So Lethie was made happy again by seeing Fult come to claim her. And she was no longer afraid of shaming him. Joy flushed her cheeks. She hoped he would say something about her changed appearance; but when he seemed abstracted and failed to, she was not deeply disappointed. Her unselfish heart demanded very little. To be near him, and to catch Isabel's reassuring smile across the circle, filled her cup.
That evening after the "sing," when the others, Charlie and Charlotta, Thad and Ruby and Lethie were starting down, and Fult, banjo in hand, prepared to linger, Isabel told him that she would be too busy about other things to learn ballads that night, and he must hurry down with the others. He went, with a darkened brow.
The following days brought to him always the same bafflement. Isabel was as friendly and smiling as ever, but never by any chance or effort could he see her alone; Lethie was always on hand, and Isabel was especially solicitous, even affectionate, toward her.
He waited, however, in expectation of the ride they were to have together on Sunday, to a funeral occasion over on Clinch. Several of the women, and some of the young folks from the village, were going in a party, for the first time deserting the Sunday School, which was to be conducted that day by just the kindergartner and the nurse, with Giles Kent's assistance.
The pleasure of the women in the trip was marred, however, by some shooting in the village the night before—the first since they had been settled on the hill. The nurse, coming up early in the morning, after sitting up with Polly Ainslee, who had typhoid, reported that it was not done by Fult and his crowd, as the women had at first feared, but by some of the very young boys, who had in some way gotten whiskey.

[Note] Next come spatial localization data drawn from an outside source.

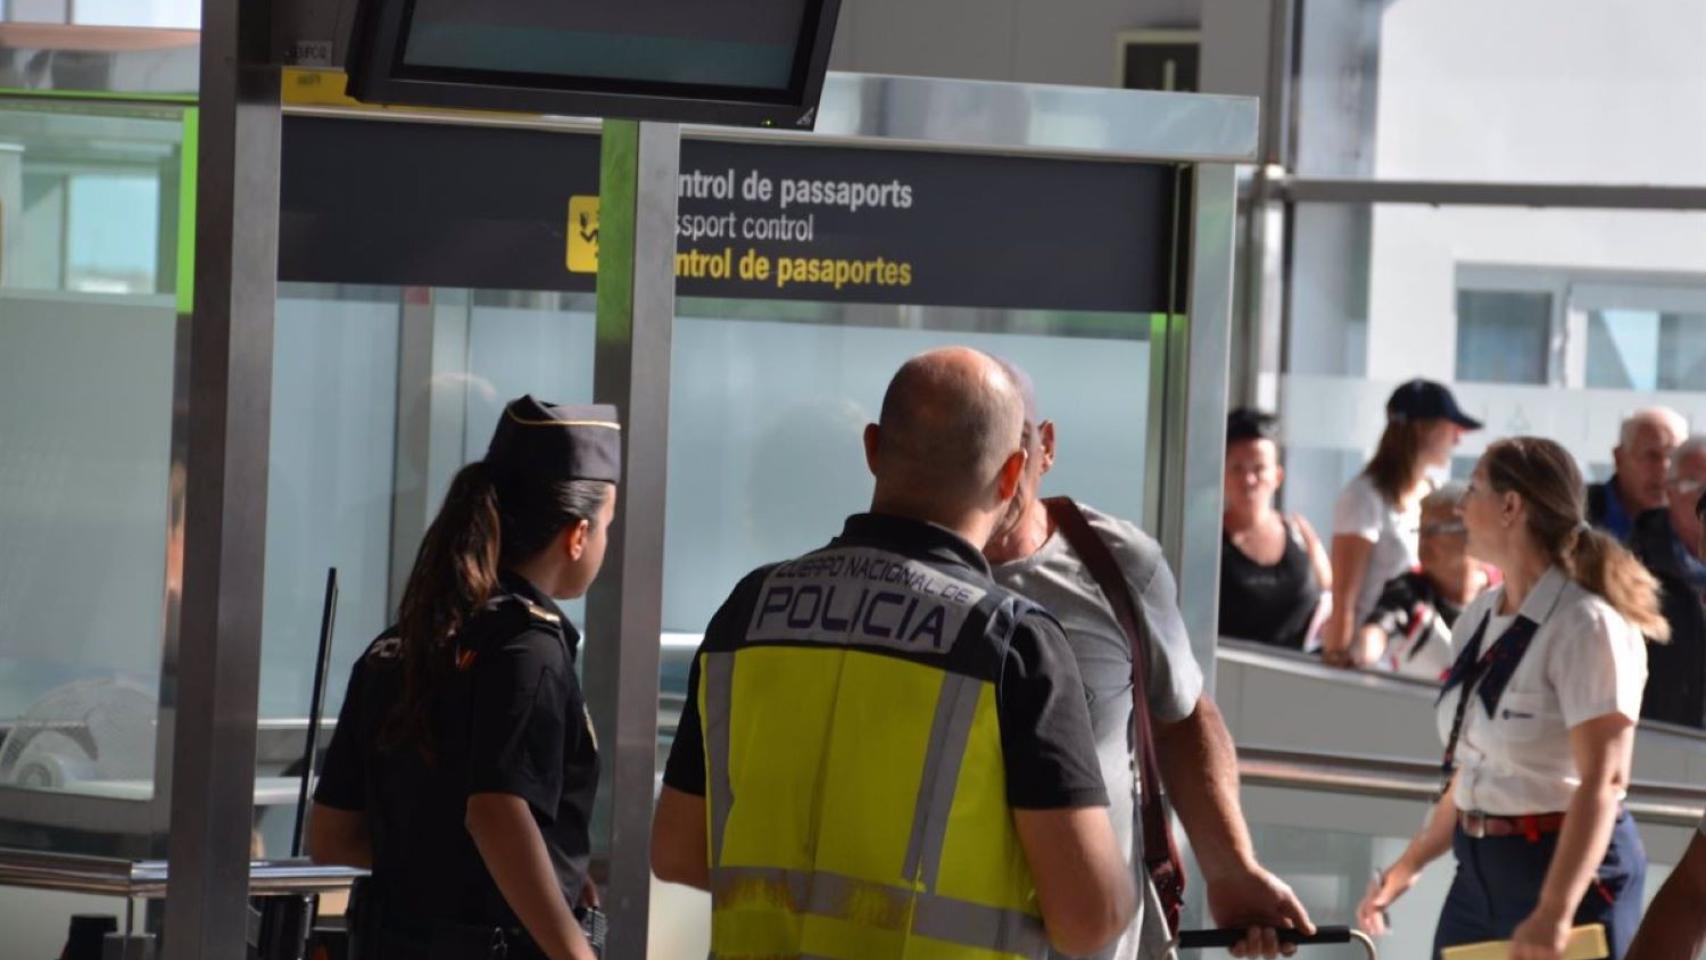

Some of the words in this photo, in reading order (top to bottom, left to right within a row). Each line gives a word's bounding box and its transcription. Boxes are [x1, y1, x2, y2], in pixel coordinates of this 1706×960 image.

[678, 169, 734, 199] ntrol
[742, 171, 772, 201] de
[780, 176, 913, 212] passaports
[676, 212, 736, 241] sport
[743, 213, 814, 241] control
[675, 247, 731, 278] ntrol
[739, 248, 769, 280] de
[777, 255, 912, 289] pasaportes
[843, 556, 935, 593] NACIONAL
[940, 583, 972, 603] DE
[756, 584, 946, 649] POLICIA
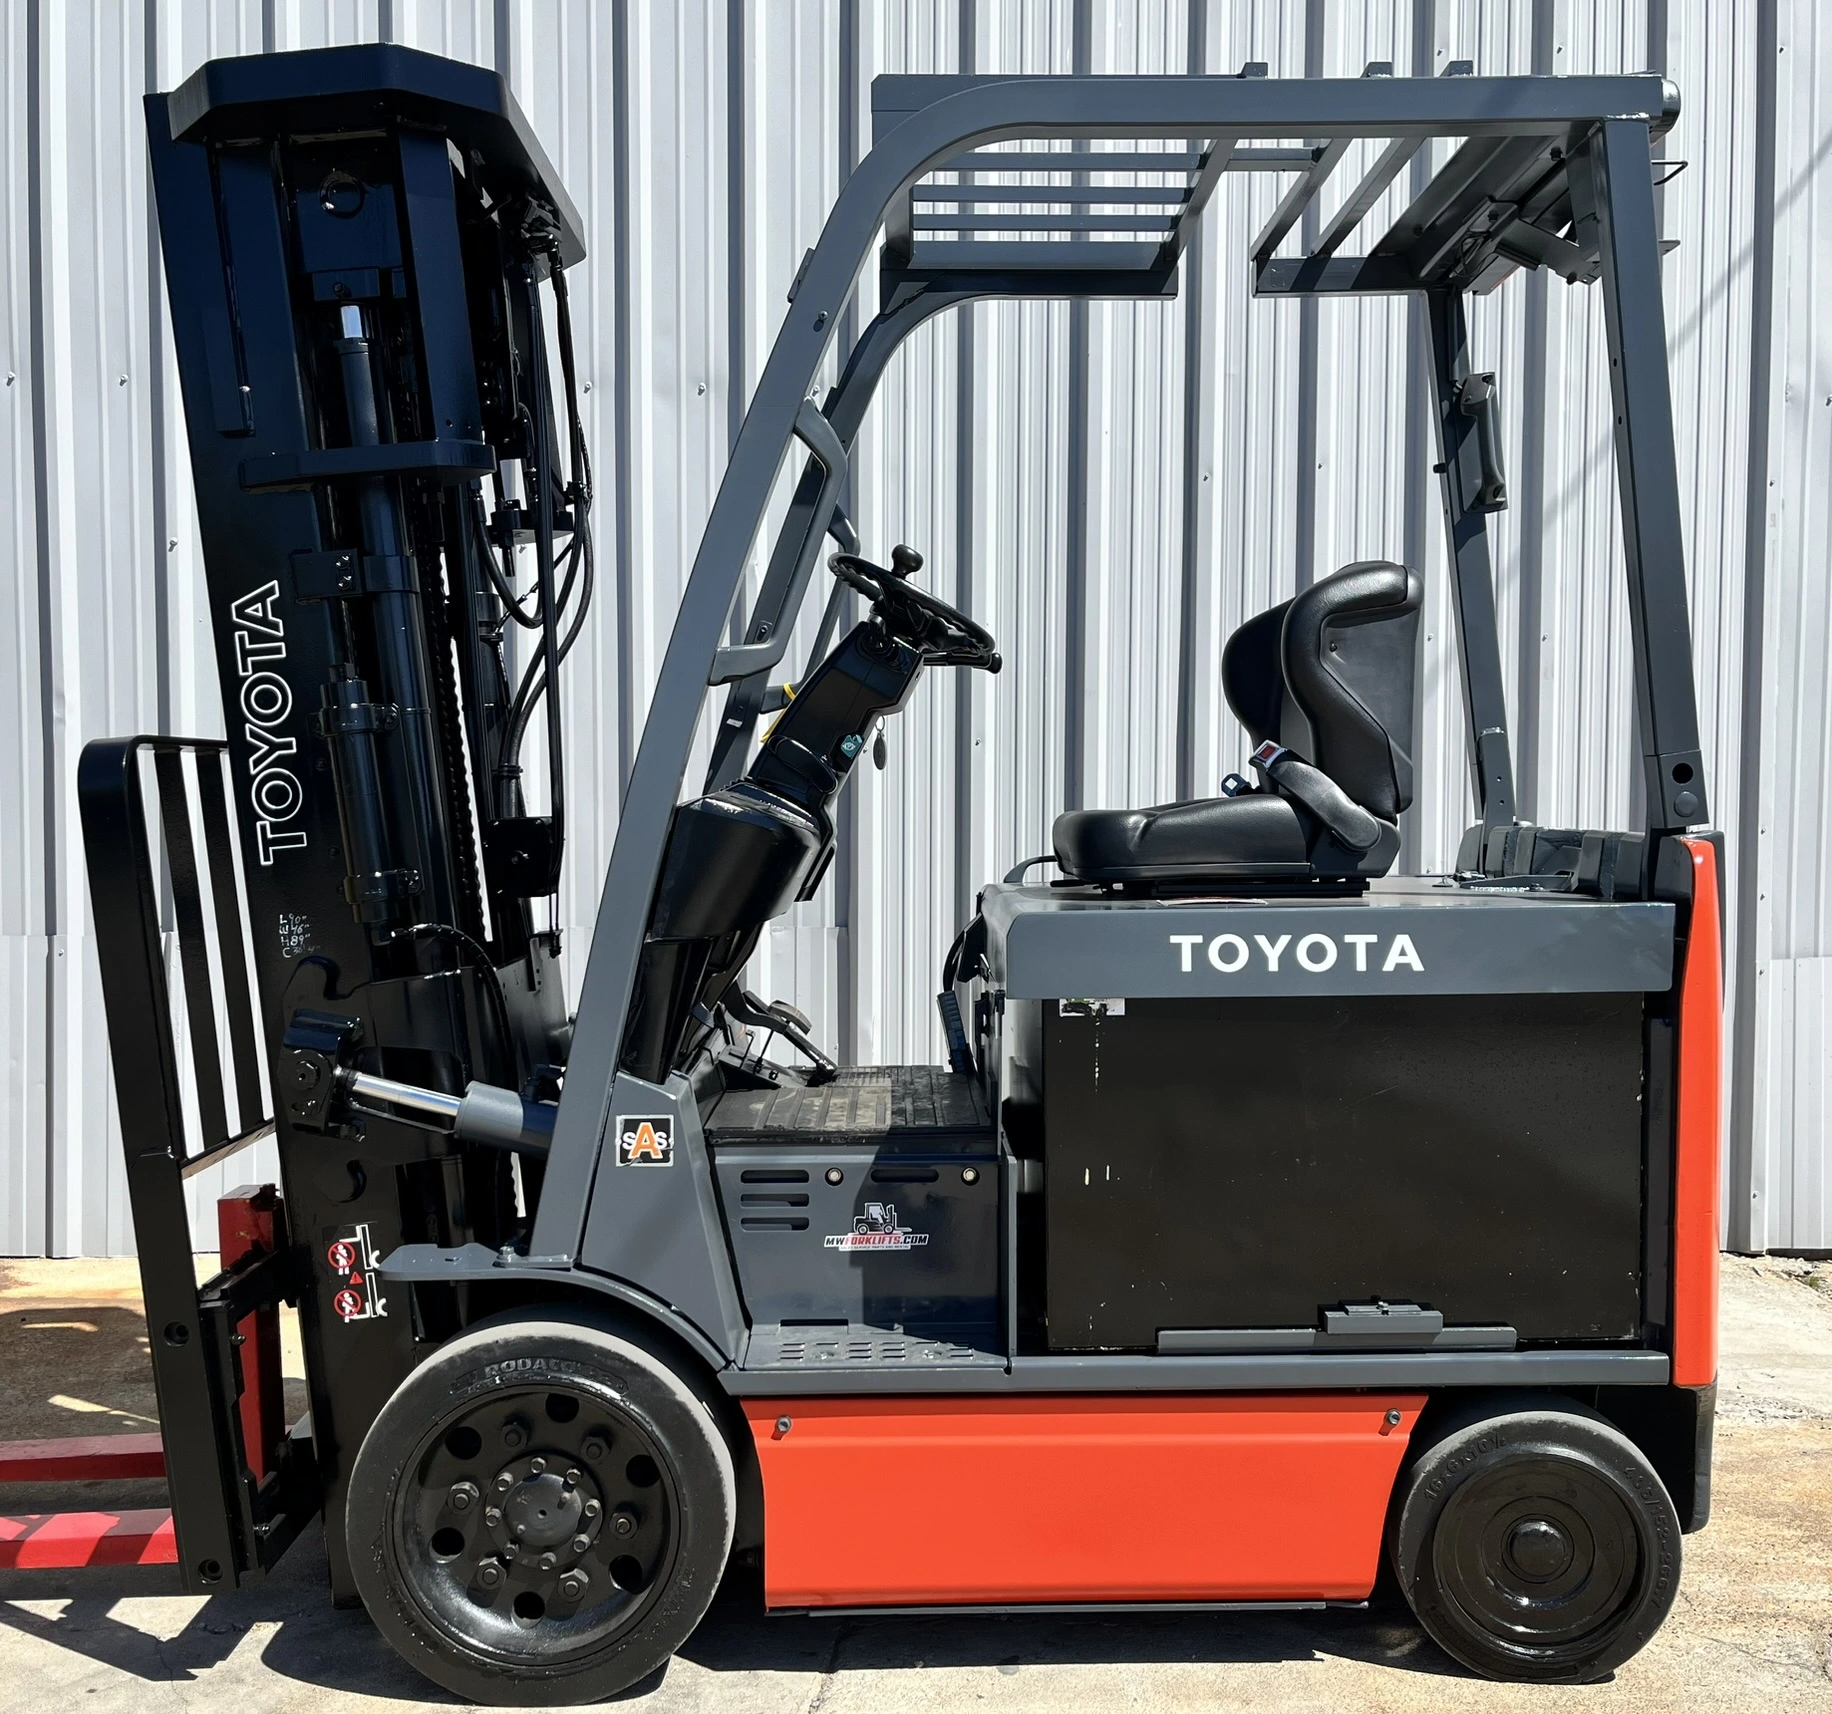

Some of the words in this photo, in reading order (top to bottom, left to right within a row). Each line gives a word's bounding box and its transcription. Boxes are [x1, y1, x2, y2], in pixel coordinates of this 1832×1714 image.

"Bob Ainslee came in the room where his mother was half dead with fever, and shot several times into the ceiling and then fell over on the other bed, too drunk to sit up," she said. "I wonder who is giving those boys liquor?"
When they went down to the hotel to mount their nags, Virginia spoke of the disturbance to Fult.
"I was so afraid at first it was your crowd," she said, "and so very thankful to hear it wasn't."
Fult flushed. "Had you forgot what I done to Charlie the Fourth of July?" he asked.
"I didn't really think you'd fail us," she said. "I wonder where those poor boys, Bob and the others, are getting whiskey?"